───── Data for analysis ─────

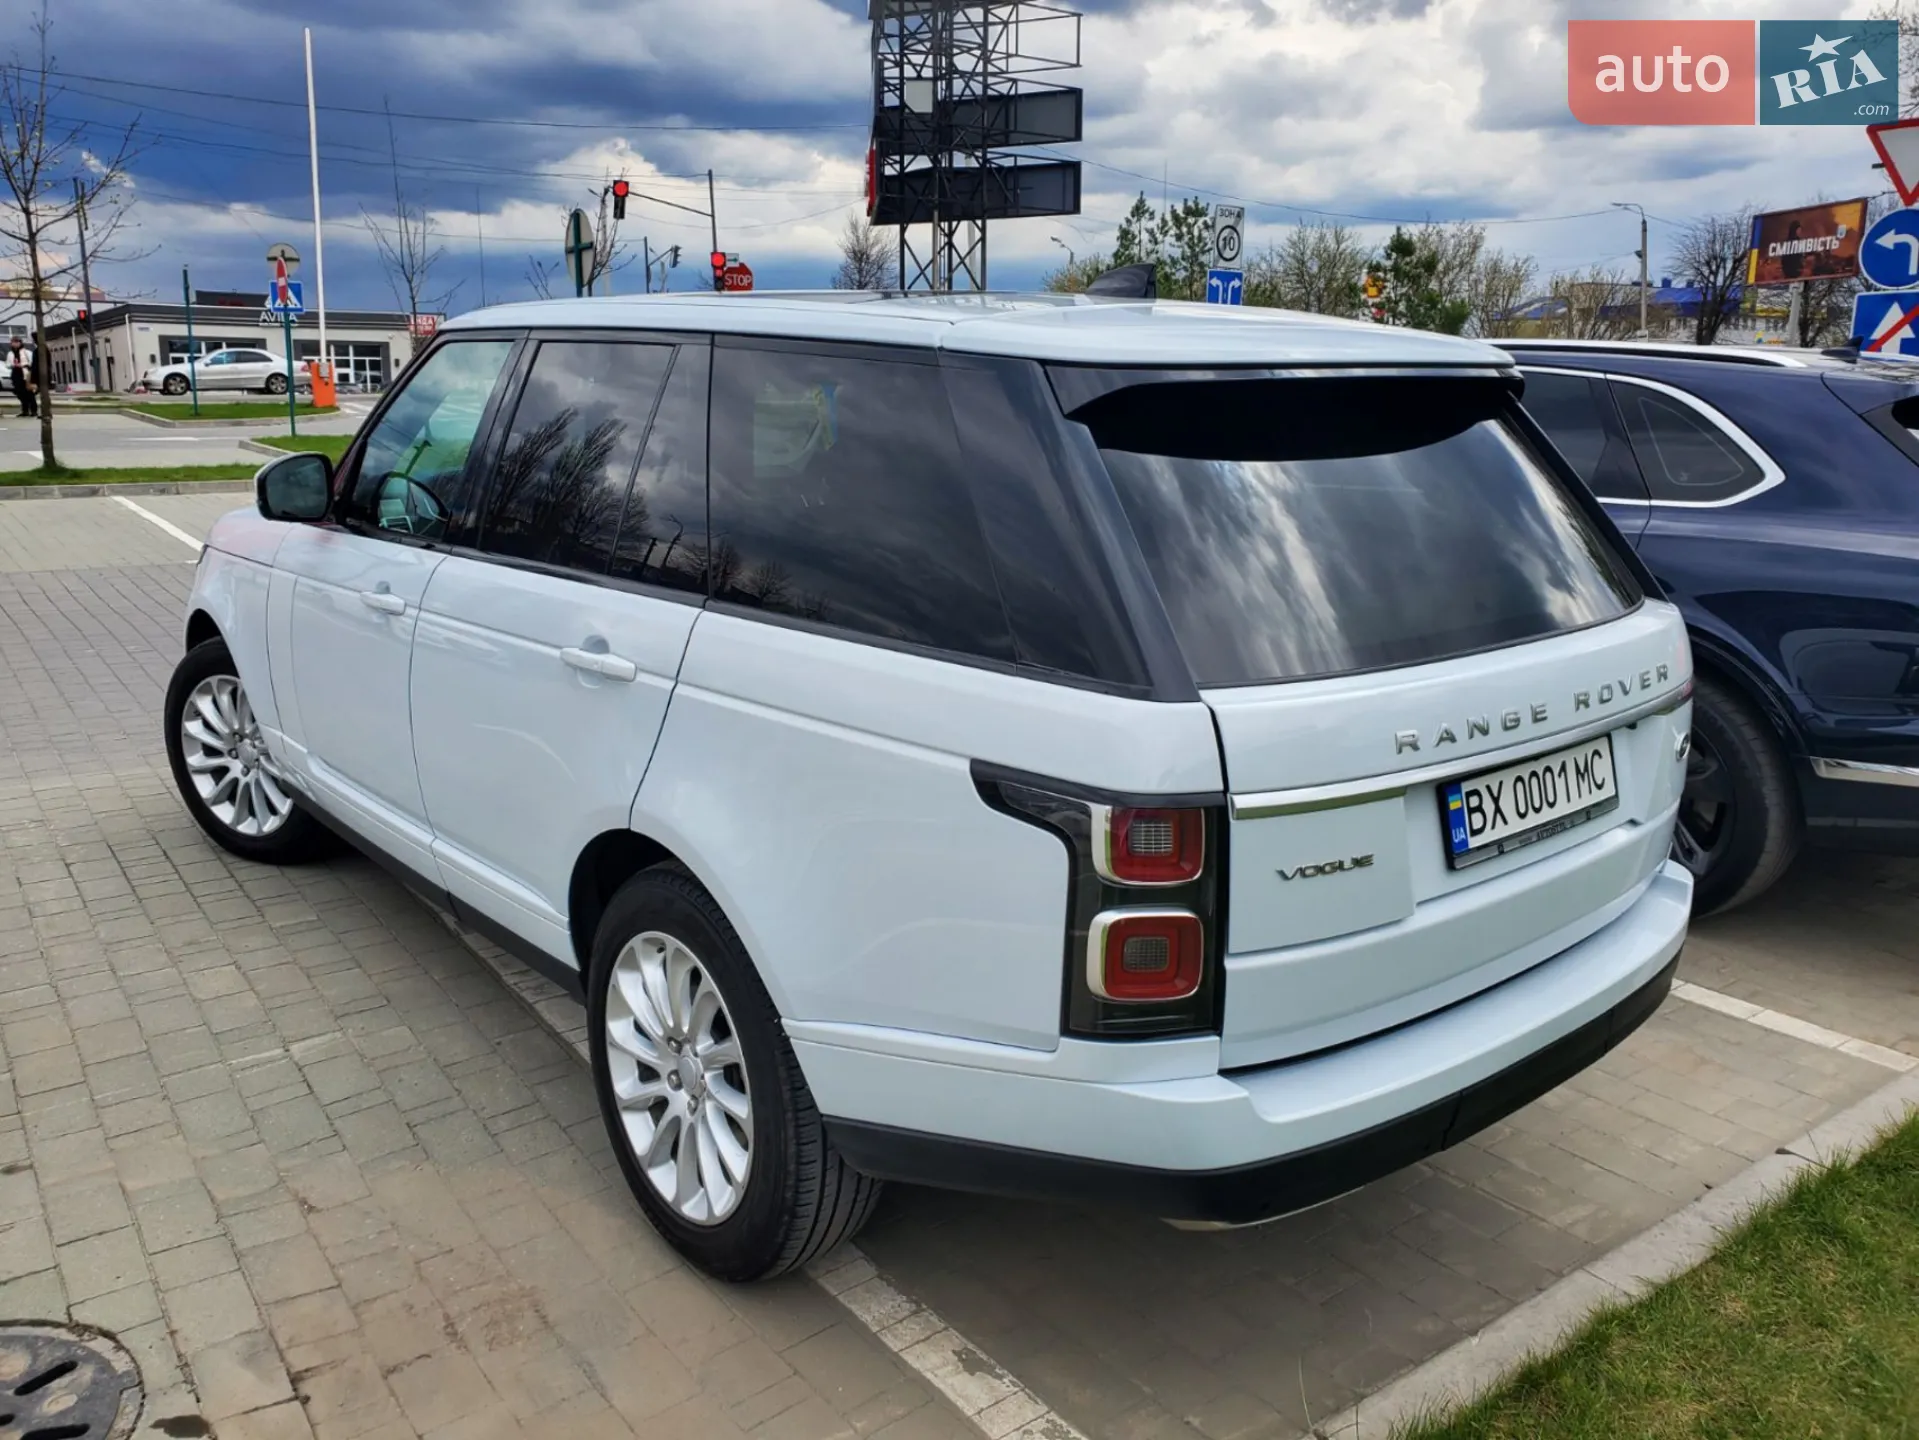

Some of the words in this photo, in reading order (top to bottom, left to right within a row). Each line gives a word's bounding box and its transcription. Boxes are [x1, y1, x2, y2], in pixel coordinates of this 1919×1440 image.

[1222, 235, 1235, 252] 10
[1768, 236, 1840, 257] СМІЛИВІСТЬ
[724, 273, 752, 287] STOP
[1395, 702, 1549, 755] RANGE
[1573, 663, 1670, 712] ROVER
[1464, 780, 1509, 838] BX
[1512, 759, 1572, 820] 0001
[1573, 748, 1606, 799] MC
[1452, 827, 1466, 843] UA
[1275, 854, 1375, 882] VOGUE

─────

### Problem statement
The answer must be the whole listing, word for word, with no pictures in it. Please write it out.

### Exercise result
Some of the words in this photo, in reading order (top to bottom, left to right within a row). Each line gives a word's bounding box and its transcription. Boxes are [x1, y1, x2, y2], in pixel coordinates of this 1919×1440 image.

[1222, 235, 1235, 252] 10
[1768, 236, 1840, 257] СМІЛИВІСТЬ
[724, 273, 752, 287] STOP
[1395, 702, 1549, 755] RANGE
[1573, 663, 1670, 712] ROVER
[1464, 780, 1509, 838] BX
[1512, 759, 1572, 820] 0001
[1573, 748, 1606, 799] MC
[1452, 827, 1466, 843] UA
[1275, 854, 1375, 882] VOGUE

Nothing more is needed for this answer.